=== Entries supplied ===

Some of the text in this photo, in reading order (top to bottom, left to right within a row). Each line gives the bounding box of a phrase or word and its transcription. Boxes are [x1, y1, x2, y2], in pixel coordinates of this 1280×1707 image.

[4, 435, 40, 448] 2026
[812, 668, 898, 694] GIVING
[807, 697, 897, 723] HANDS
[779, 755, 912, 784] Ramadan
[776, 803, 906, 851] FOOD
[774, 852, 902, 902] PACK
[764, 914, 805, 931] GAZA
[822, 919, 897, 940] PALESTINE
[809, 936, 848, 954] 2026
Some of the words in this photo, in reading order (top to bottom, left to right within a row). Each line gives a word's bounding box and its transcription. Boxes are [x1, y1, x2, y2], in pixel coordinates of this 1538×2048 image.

===
=== Entries supplied ===

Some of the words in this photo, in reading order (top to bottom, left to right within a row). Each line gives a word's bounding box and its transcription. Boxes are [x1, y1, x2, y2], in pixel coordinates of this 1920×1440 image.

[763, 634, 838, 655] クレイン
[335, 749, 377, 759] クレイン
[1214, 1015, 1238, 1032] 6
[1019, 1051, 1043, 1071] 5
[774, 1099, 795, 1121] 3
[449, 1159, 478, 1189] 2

===
=== Entries supplied ===

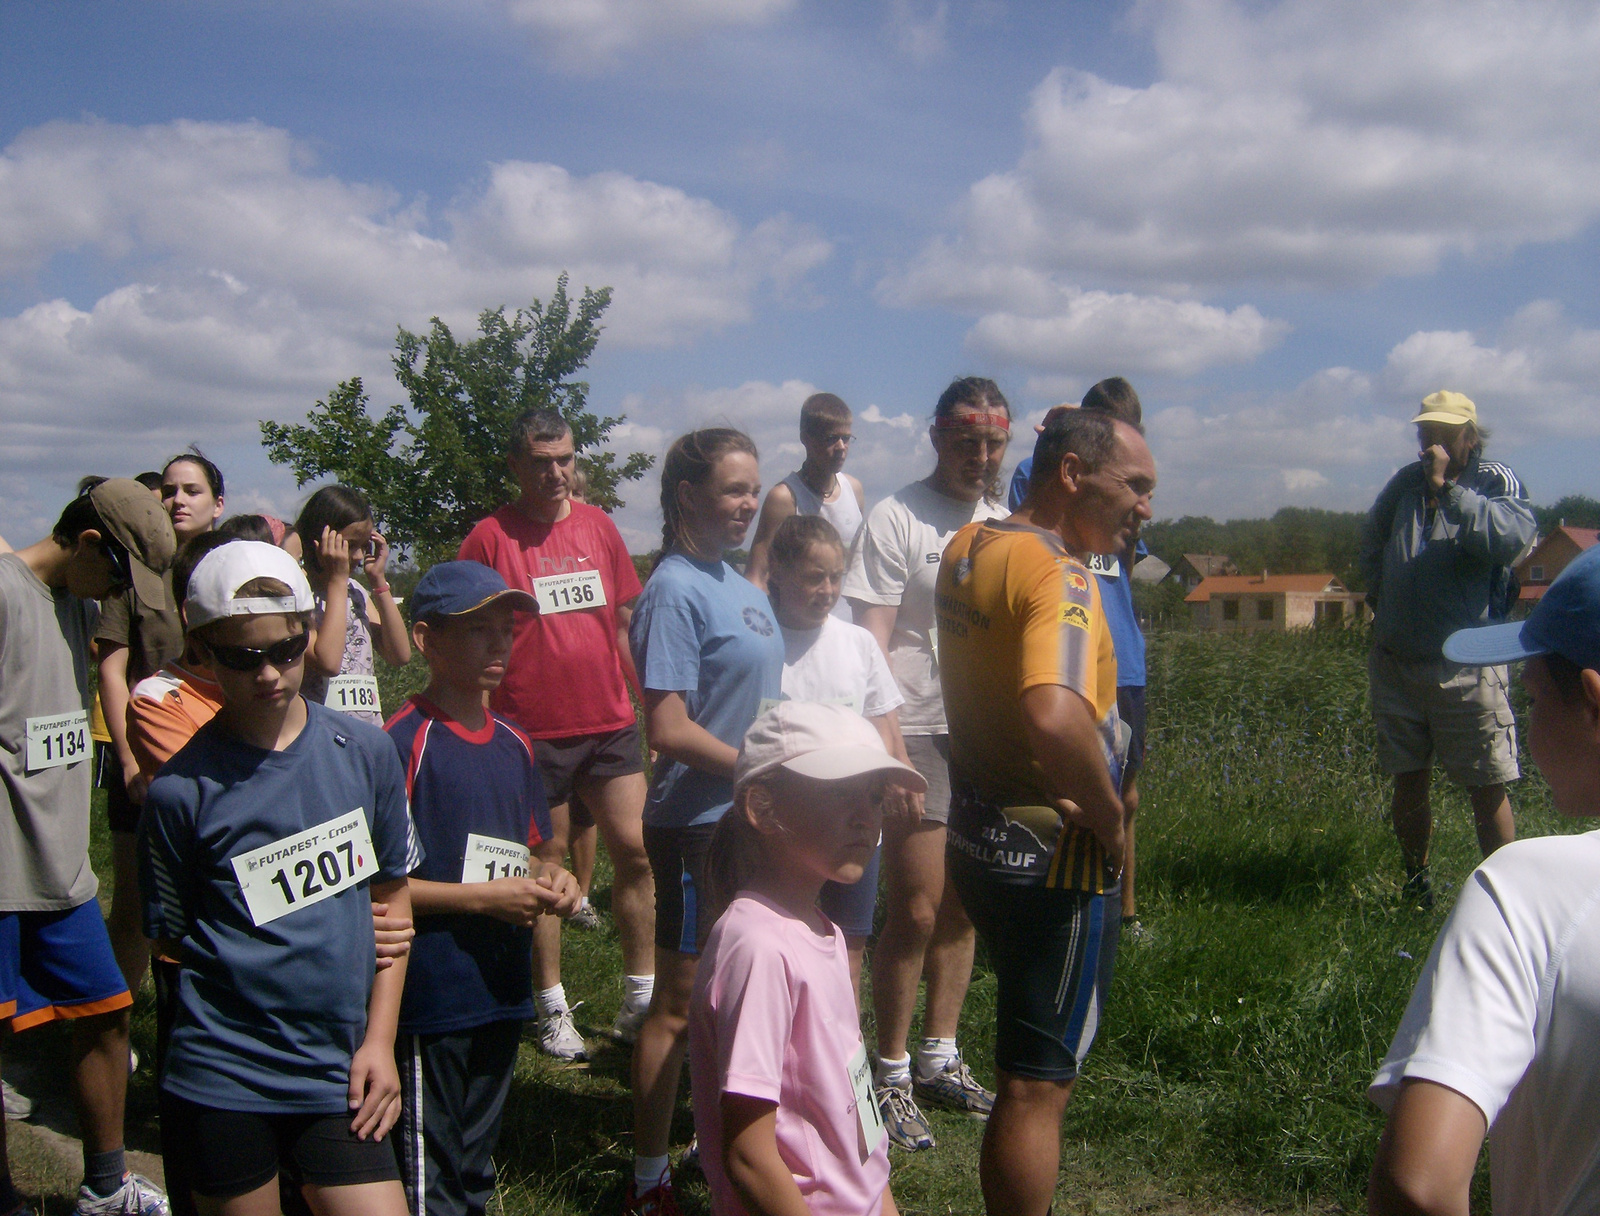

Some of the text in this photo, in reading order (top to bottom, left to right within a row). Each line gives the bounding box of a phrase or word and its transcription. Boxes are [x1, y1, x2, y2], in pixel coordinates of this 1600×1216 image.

===

→ **Your task**
What is needed is a verbatim copy of every line in the records above from the one containing "this 1280×1707 image." down to the one containing "this 1538×2048 image.", both included, and nothing more.

→ **Solution**
Some of the text in this photo, in reading order (top to bottom, left to right within a row). Each line gives the bounding box of a phrase or word and its transcription. Boxes are [x1, y1, x2, y2], in pixel coordinates of this 1280×1707 image.

[4, 435, 40, 448] 2026
[812, 668, 898, 694] GIVING
[807, 697, 897, 723] HANDS
[779, 755, 912, 784] Ramadan
[776, 803, 906, 851] FOOD
[774, 852, 902, 902] PACK
[764, 914, 805, 931] GAZA
[822, 919, 897, 940] PALESTINE
[809, 936, 848, 954] 2026
Some of the words in this photo, in reading order (top to bottom, left to right within a row). Each line gives a word's bounding box and its transcription. Boxes are [x1, y1, x2, y2], in pixel coordinates of this 1538×2048 image.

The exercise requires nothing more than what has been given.